制作スタッフの人選でファンに驚きを与える一方、作品に関する情報統制を徹底。「わくわくして放送を待つ」よう仕向けた。通常は放送開始の1年前から半年前に行われることが多い企画発表をしたのは2カ月前。ファンの間で作品に関する話題が盛り上がっているまっただ中で放送を始めた。放送開始後も次回予告やアニメ専門誌を通じた情報提供は制限した。
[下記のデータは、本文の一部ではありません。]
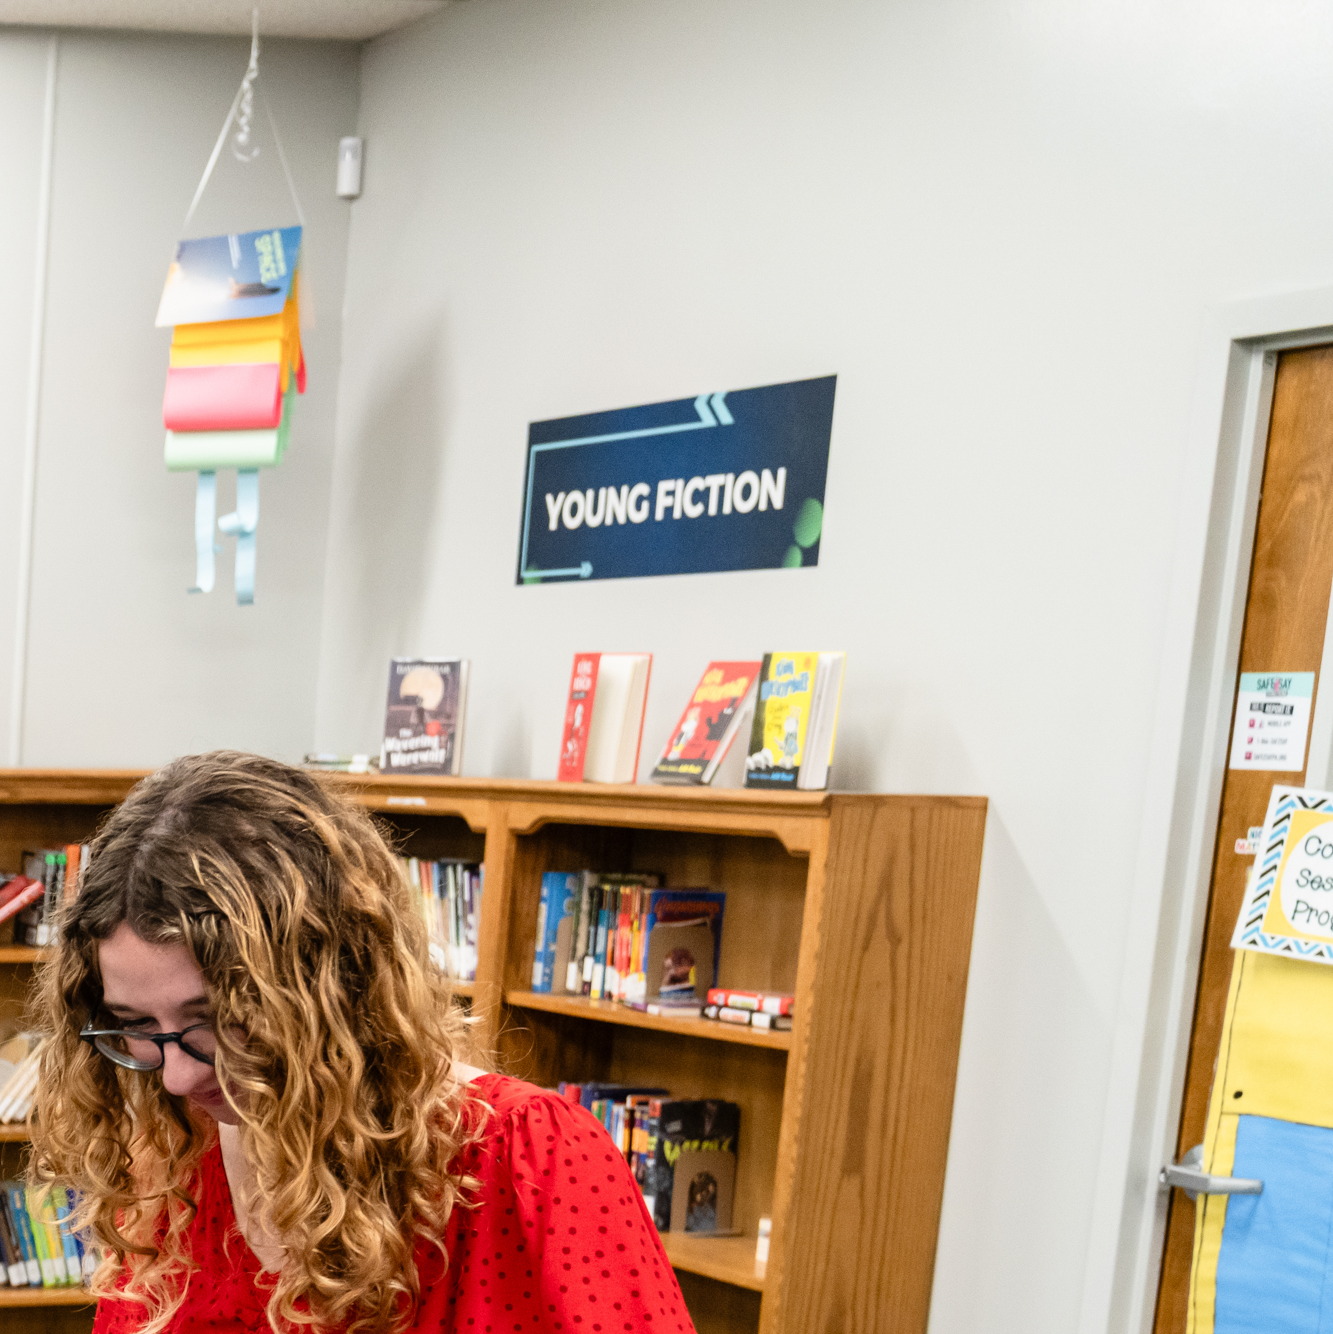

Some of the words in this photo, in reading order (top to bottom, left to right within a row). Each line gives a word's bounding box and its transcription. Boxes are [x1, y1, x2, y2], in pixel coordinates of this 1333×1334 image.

[544, 481, 651, 532] YOUNG
[654, 466, 788, 522] FICTION
[1290, 899, 1333, 932] Pro
「手堅い市場」とされる深夜アニメ。「まどか☆マギカ」への注目が一気に高まったのは第3話だった。ほのぼのしたキャラクターデザインで「萌(も)え系」を思わせた明るい雰囲気の物語が一転、視聴者の度肝を抜く展開となった。魔法少女の1人が魔女に頭を食いちぎられるという悲惨な最期を描いたシーンは視聴者の目をくぎ付けにした。

 脚本家・虚淵玄氏
 (うろぶち・げん)1972年東京都生まれ。和光大卒。ゲーム制作会社ニトロプラス(東京・台東)に前身から参加。「Phantom PHANTOM OF INFERNO」(00年)などのゲームのシナリオを担当。「魔法少女まどか☆マギカ」で初めてアニメ全話のシリーズ構成と脚本を手掛けた。38歳。